■ DIRECTIONS
Repeat the data in full. No line may differ from the original.

++++

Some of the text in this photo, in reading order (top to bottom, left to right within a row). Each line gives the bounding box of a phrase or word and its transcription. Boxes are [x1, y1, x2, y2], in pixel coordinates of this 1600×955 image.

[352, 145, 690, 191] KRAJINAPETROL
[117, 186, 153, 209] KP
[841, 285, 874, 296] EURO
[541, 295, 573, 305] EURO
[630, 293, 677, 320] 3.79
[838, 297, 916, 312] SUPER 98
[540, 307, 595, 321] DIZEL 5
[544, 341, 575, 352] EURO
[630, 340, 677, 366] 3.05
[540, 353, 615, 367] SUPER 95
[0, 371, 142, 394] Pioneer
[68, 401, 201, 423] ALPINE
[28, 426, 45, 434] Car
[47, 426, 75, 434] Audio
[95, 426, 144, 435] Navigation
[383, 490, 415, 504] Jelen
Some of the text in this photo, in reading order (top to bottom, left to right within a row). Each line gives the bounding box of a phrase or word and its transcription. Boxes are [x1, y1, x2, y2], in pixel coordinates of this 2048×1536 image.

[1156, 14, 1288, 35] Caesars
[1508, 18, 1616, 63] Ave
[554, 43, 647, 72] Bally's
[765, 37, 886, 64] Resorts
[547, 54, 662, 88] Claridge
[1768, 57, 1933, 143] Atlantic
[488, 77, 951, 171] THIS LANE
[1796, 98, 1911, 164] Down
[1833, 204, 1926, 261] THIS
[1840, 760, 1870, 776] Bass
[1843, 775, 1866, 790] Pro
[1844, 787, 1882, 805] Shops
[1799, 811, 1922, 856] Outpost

++++

■ ANSWER BELOW
Some of the text in this photo, in reading order (top to bottom, left to right within a row). Each line gives the bounding box of a phrase or word and its transcription. Boxes are [x1, y1, x2, y2], in pixel coordinates of this 1600×955 image.

[352, 145, 690, 191] KRAJINAPETROL
[117, 186, 153, 209] KP
[841, 285, 874, 296] EURO
[541, 295, 573, 305] EURO
[630, 293, 677, 320] 3.79
[838, 297, 916, 312] SUPER 98
[540, 307, 595, 321] DIZEL 5
[544, 341, 575, 352] EURO
[630, 340, 677, 366] 3.05
[540, 353, 615, 367] SUPER 95
[0, 371, 142, 394] Pioneer
[68, 401, 201, 423] ALPINE
[28, 426, 45, 434] Car
[47, 426, 75, 434] Audio
[95, 426, 144, 435] Navigation
[383, 490, 415, 504] Jelen
Some of the text in this photo, in reading order (top to bottom, left to right within a row). Each line gives the bounding box of a phrase or word and its transcription. Boxes are [x1, y1, x2, y2], in pixel coordinates of this 2048×1536 image.

[1156, 14, 1288, 35] Caesars
[1508, 18, 1616, 63] Ave
[554, 43, 647, 72] Bally's
[765, 37, 886, 64] Resorts
[547, 54, 662, 88] Claridge
[1768, 57, 1933, 143] Atlantic
[488, 77, 951, 171] THIS LANE
[1796, 98, 1911, 164] Down
[1833, 204, 1926, 261] THIS
[1840, 760, 1870, 776] Bass
[1843, 775, 1866, 790] Pro
[1844, 787, 1882, 805] Shops
[1799, 811, 1922, 856] Outpost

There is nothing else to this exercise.